I’ve often thought that my parents were, essentially, a couple of very high IQ’s and a heaping helping of pride away from being what Southerners call “poor white trash.” But those IQ’s and that pride were like a high steel wall, and things like wifebeater tank tops, food stamps, and cars on blocks in the front yard remained on the other side of that wall. Permanently.
But I digress. The point is: I never had any money.
This lack of funds carried over solidly into my college years. And I know, college students are always broke. I suspect I was probably more broke than most. I attended the University of Georgia, and worked part time at Spencer Gifts in the Athens mall, selling raunchy greeting cards and raunchy T-shirts and the occasional “personal massager” (also raunchy).
Just down the way from Spencer Gifts was a little Chinese restaurant (operated entirely by Mexicans), and for the grand total of one dollar I could get an egg roll and a little cup of sweet-and-sour sauce to dip it in. That cup of sweet-and-sour was very important, and I always asked for a spoon when I got the egg roll, because as I dipped the egg roll in the sauce, little bits of it would fall out and accumulate in the cup. Then, when the egg roll itself was gone, I had a whole other part of the meal: sweet-and-sour sauce soup!
Having an entire dollar was important, because it meant I could eat that night, but there were plenty of nights when I didn’t have that dollar and went hungry.
(I know, I know, I could have bought groceries for cheaper than eating out and brought a sandwich to work with me, but you have to remember that I was twenty years old and a complete dumbass.)
Anyway, I scraped by on what little funds I had, gnoshing on the occasional egg roll here and there, until the summer between my junior and senior years. I was sharing a duplex with two fellow students, Norm and Clint, and they both went home for the summer. I stayed in Athens and worked a truly craptastic job at a telemarketing place - which is why I’m more polite to telemarketers than most people are - and it was at that point that I found myself facing a dilemma:
I had enough money to keep paying rent and buying groceries, and I had enough money to pay tuition for Fall Quarter, but I did not have enough money to do both of those things.

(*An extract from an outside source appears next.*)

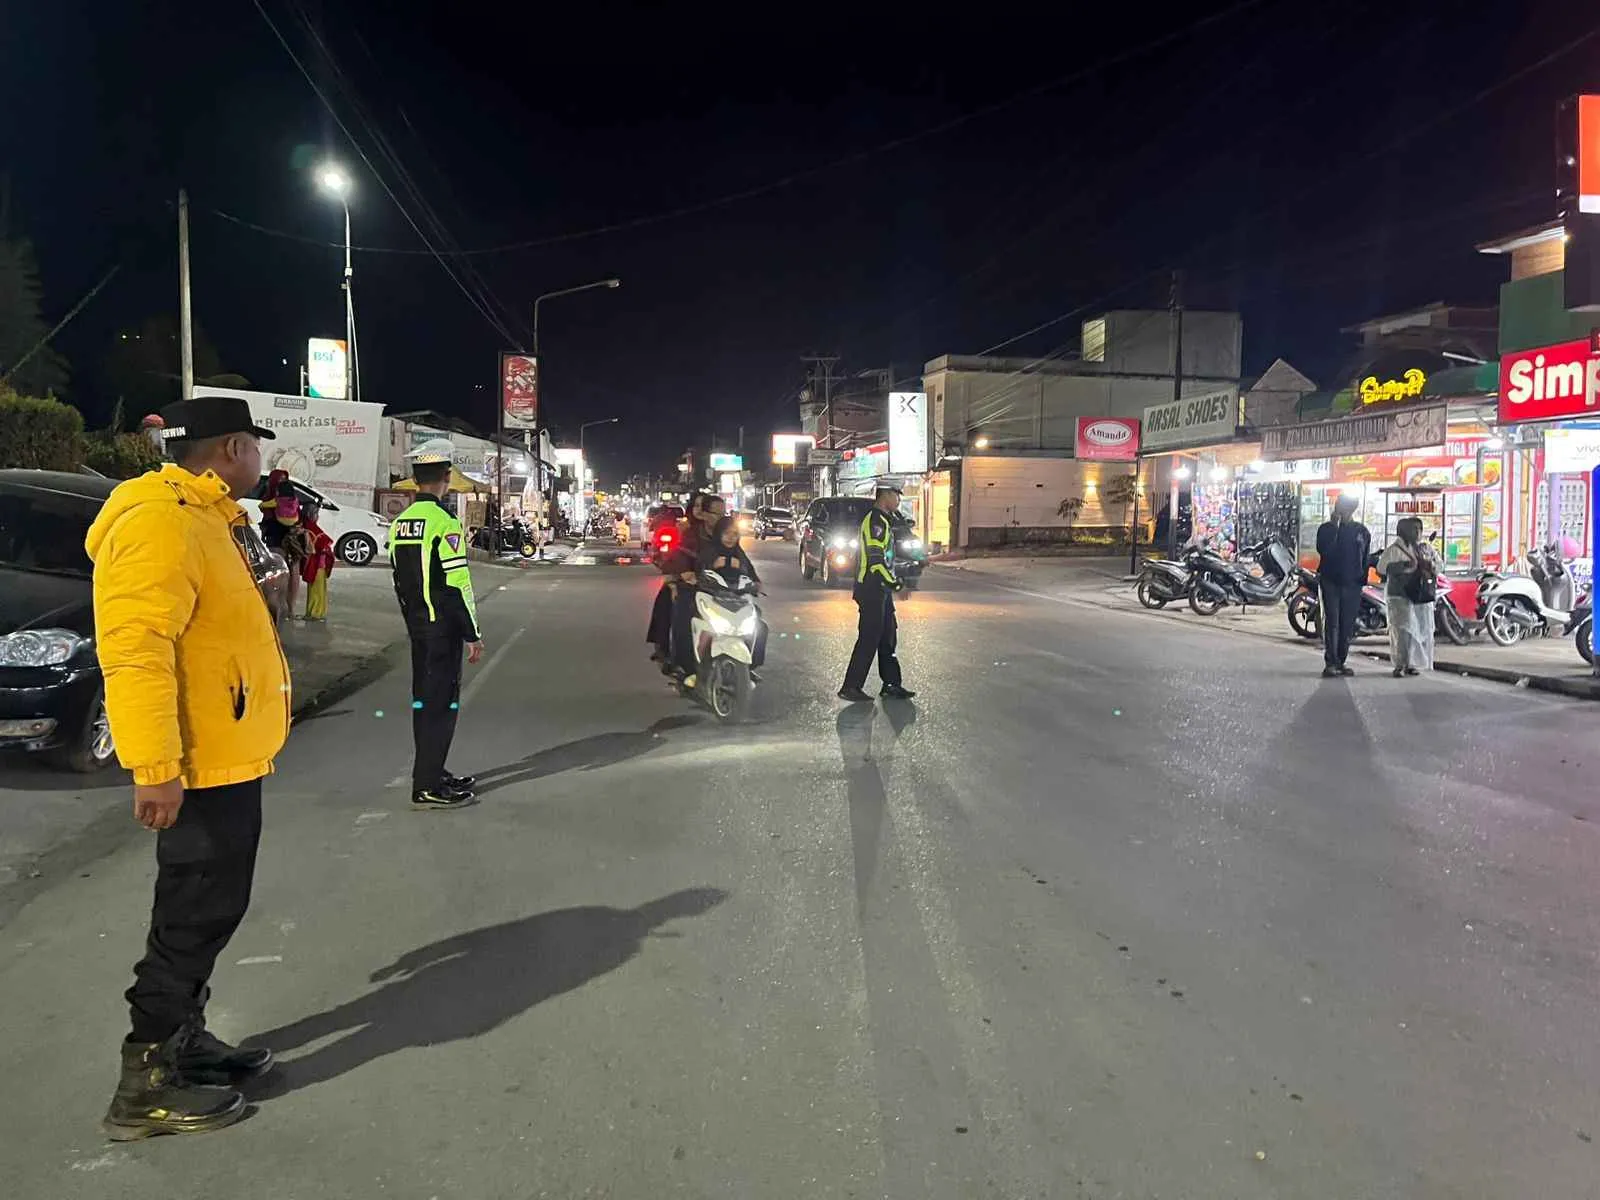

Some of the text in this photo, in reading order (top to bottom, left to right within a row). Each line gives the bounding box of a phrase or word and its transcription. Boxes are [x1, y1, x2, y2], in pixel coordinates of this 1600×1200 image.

[1147, 394, 1229, 433] ARSAL SHOES
[1090, 427, 1127, 440] Amanda

I tried to conserve as much as humanly possible, and what that turned into was a six-week period during which I boughtno groceries, and instead lived off whatever I could find that Norm and Clint had left in the cabinets when they moved home. (I remember one day in particular when my food intake consisted of one can of sliced peaches. Those were some freaking delicious peaches.)
Basically, for those six weeks, I did three things:
- worked at the telemarketing place for slightly less than peanuts, because we were on commission and I couldn’t sell a warm coat to an Eskimo
- learned to live with hunger pangs
And oh, I got good at worrying. I’d lie on my bed and stare at the ceiling and just worry my heart out. To this day I’m sort of amazed that I didn’t give myself either a raging ulcer or some form of cancer.

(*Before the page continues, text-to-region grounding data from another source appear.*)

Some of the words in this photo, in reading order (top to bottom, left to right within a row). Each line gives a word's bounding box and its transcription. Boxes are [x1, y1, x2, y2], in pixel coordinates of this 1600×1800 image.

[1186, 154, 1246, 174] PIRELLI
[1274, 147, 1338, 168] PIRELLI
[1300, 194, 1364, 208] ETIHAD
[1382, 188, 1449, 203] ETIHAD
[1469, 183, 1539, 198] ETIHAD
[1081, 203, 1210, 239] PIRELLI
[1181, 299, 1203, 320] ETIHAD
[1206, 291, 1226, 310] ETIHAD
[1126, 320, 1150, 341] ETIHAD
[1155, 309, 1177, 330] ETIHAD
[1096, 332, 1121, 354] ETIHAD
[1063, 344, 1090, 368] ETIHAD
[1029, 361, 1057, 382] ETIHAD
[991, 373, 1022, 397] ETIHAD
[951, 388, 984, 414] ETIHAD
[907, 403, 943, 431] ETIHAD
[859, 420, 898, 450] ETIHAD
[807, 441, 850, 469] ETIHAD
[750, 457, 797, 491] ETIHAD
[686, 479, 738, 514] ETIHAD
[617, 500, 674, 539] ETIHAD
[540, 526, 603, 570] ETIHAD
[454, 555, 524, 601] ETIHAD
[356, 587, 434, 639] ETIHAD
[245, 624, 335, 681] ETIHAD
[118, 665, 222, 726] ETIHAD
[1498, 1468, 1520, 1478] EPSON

The way I saw it, grocery boycotts aside, I had an extremely unpleasant yet unavoidable situation bearing down on me: I was going to have to drop out of college, move back in with my parents, and get a job at the local carpet mill.

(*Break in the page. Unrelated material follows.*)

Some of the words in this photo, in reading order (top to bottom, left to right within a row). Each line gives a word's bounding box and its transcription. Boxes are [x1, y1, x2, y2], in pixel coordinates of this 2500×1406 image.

Taken individually, none of those consequences were all that bad. People took a quarter or two off from college all the time; moving back in with Mom and Dad would mean a familiar roof over my head and all the brilliant home cooking I could eat; and the local carpet mill paid relatively big bucks, especially when compared with Spencer Gifts or the telemarketing outfit.
But I didn’t want to take that route, because in my mind that would mean I had failed, and I HATED the thought of just plain failing.
So I made cold calls to people who very pointedly did not want any magazine subscriptions, and I rationed my peanut butter crackers and canned apple sauce, and I worried.
The phone rang one day right around the middle of the summer, about two weeks before I had to pay tuition, at a point when I had just about perfected worrying into some sort of psychokinesis. I had fully intended to use my new worry-fueled and possibly hallucinatory mental super-power to bore holes in the ceiling, because I was too weak from hunger to get out of bed, but instead I answered the phone.
It was Dan Thorsland from Dark Horse, and his words might as well have been a magical incantation, they turned my world around so fast. “Hey Dan,” he said, “Do you think you could take over on this Colonial Marines mini-series and wrap it up in a couple of issues?”
It was as if the Heavens had opened for me.